One of those, "You can do absolutely everything you could ever want to in-game without a dime. BUT if you give us money, we'll make it so you can do that stuff faster!"
That's awful and it's never a good feeling, whether you can afford to pay for that boost or not.

There's a couple of games that do something like this, offering "Boosts" for subscribing to them. I would much rather we maintained this "Premium Subscription" method we have already. A completely Free-To-Play until a certain cap, and then pay to go beyond and experience the full-game.

I also want to point out that I like the rate that things are now. Speed them up and it becomes far too easy to achieve things in my opinion. One of the things I adore about Wurm is that you have to really work for what you have, if you boost things too much where's the work left over?

I have a x2 rate Wurm Unlimited server for example, and I don't really like that rate either. I feel I'm progressing through the skills too quickly as it is. Bumping these up to x5 and I would have 0 WANT to subscribe because at that rate it's just ridiculous!

 

 

How is a system that caps you from doing pretty anything substantial, such as it is now,  NOT pay to win?  It would be nigh on impossible to earn enough in-game silver for your one-person only shack-on-deed.  You can't ride anything but cows, can't "sail" anything but a rowboat.  Can't load/unload.   There is a lot of stuff experienced players do that I think they take for granted and forget that a non-prem player can't and doesn't even know what they are missing.  The premium subscription method you currently have is classic pay to win.  You pay money and gain a bunch of access/ability that gives you an advantage that is impossible for non-premium players to equalize - that is the epitome of pay to win.  Not that wurm has a "win" condition as such.

 

All I am saying is that the gain rate is better tool to adjust than the skill cap.   My experience was that the only benefit I could see from outside the curtain was lifting the cap.  Raising that cap would only delay conversion longer and slow down cashflow.

 

What I proposed mixes both Trial and Free to Play in the one experience.  You get a taste of what you COULD have in premium (hence trial) and then if you don't bite the taste is taken away and you are left with Free to Play.  Currently, there isn't really a trial, because a new player cannot try some of the stuff that is behind the paywall (again, definitely pay to win).

 

1 hour ago, Zera said:

Give them a higher cap, maybe change the curve a tad to make early game gain just a little slower (Which would in turn make everything just a tad slower too), that should give new players plenty of chance to experiencing different things in-game without feeling like they literally can't do certain features.

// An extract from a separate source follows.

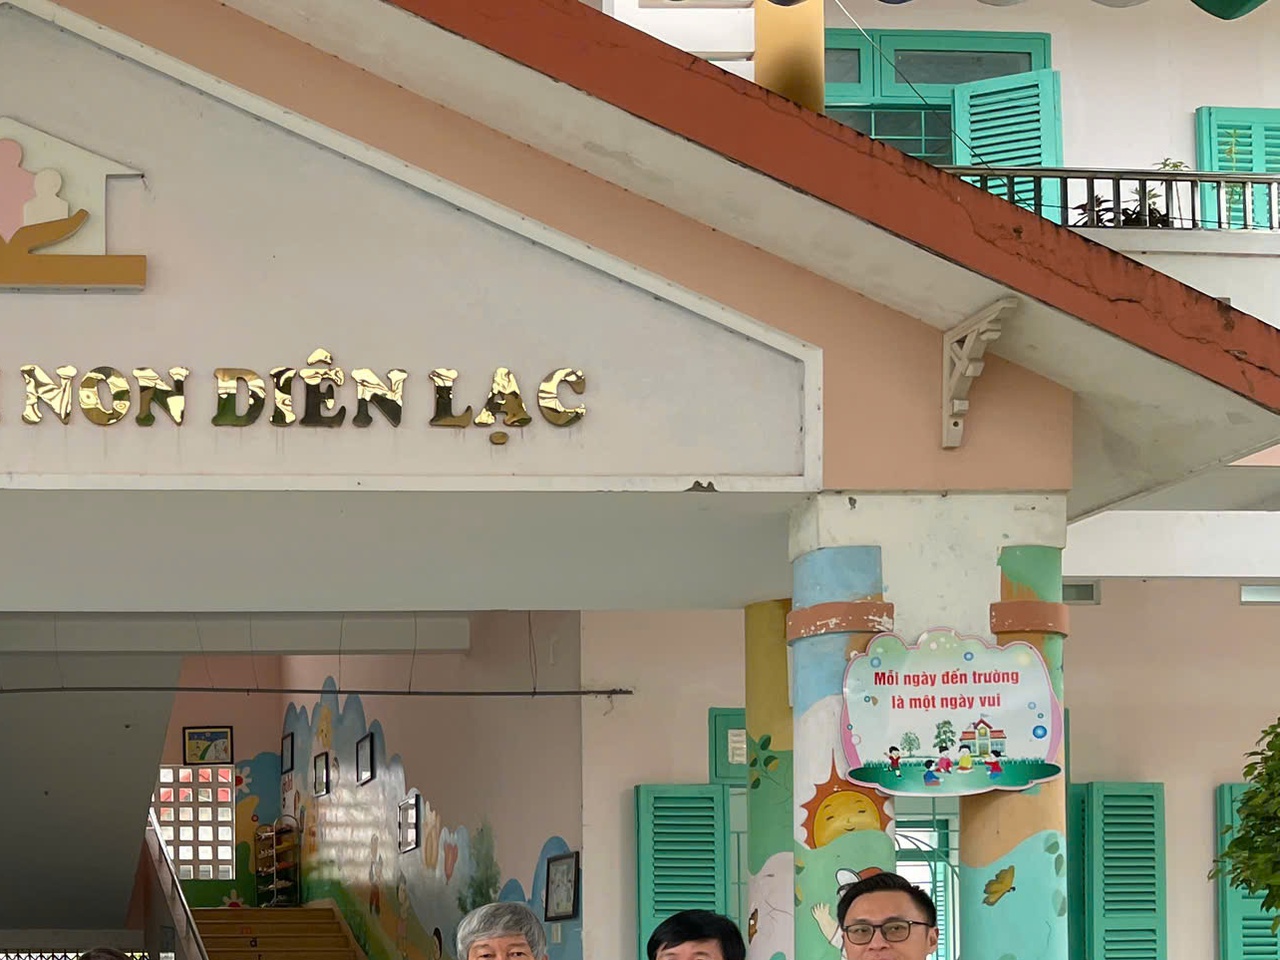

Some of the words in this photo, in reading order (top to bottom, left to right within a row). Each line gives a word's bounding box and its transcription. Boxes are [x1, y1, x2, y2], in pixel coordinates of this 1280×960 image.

"I can ride a horse and drive a cart, I can build a house, I can farm and I can sail"
but..
"I can't drive a wagon, I can't build a stone house, I can't sail a big ship"

Sounds a lot better than:
"I can walk everywhere I want to go, or ride a cow slower than I walk"
and..
"I can continue to cower in my tiny little house but have no reason or need to keep animals because I can't even use them."

 

 

Yes.  That is a very good comparison.  I don't know that both a higher cap and slower gain will achieve that, though.  It would result in quite a bit of the second scenario before any experience of the first.  Nevertheless, this comparison is exactly what I am getting at.  Give new players an understanding of how they benefit from premium.  Currently the premium game and the non-premium game are surprisingly different.  Before premium, I really could not explore unless I was exploring a towered highway (i.e. a walking tourist).  I could keep animals, but it was hard to see the point as I really didn't have much use for them, and spent most of the time repairing and re-imping fences.  Had a visitor come through and knock up a QL50 fence like it was nothing and I immediately felt like I was wasting my time.

 

Notice the common starting conditions on WU servers, and think how that can be leveraged back into WO.  On many, even the 1x/1x action/skillgain the starting characteristics are sufficient to ride and to drive a cart, and often to load/unload.  Why?  Because that gets people past the "working on progressing enough to start Wurm" period and into the "playing Wurm" stage.  If you want people to pay to play Wurm, let them play Wurm for a bit instead of only the "preamble to Wurm."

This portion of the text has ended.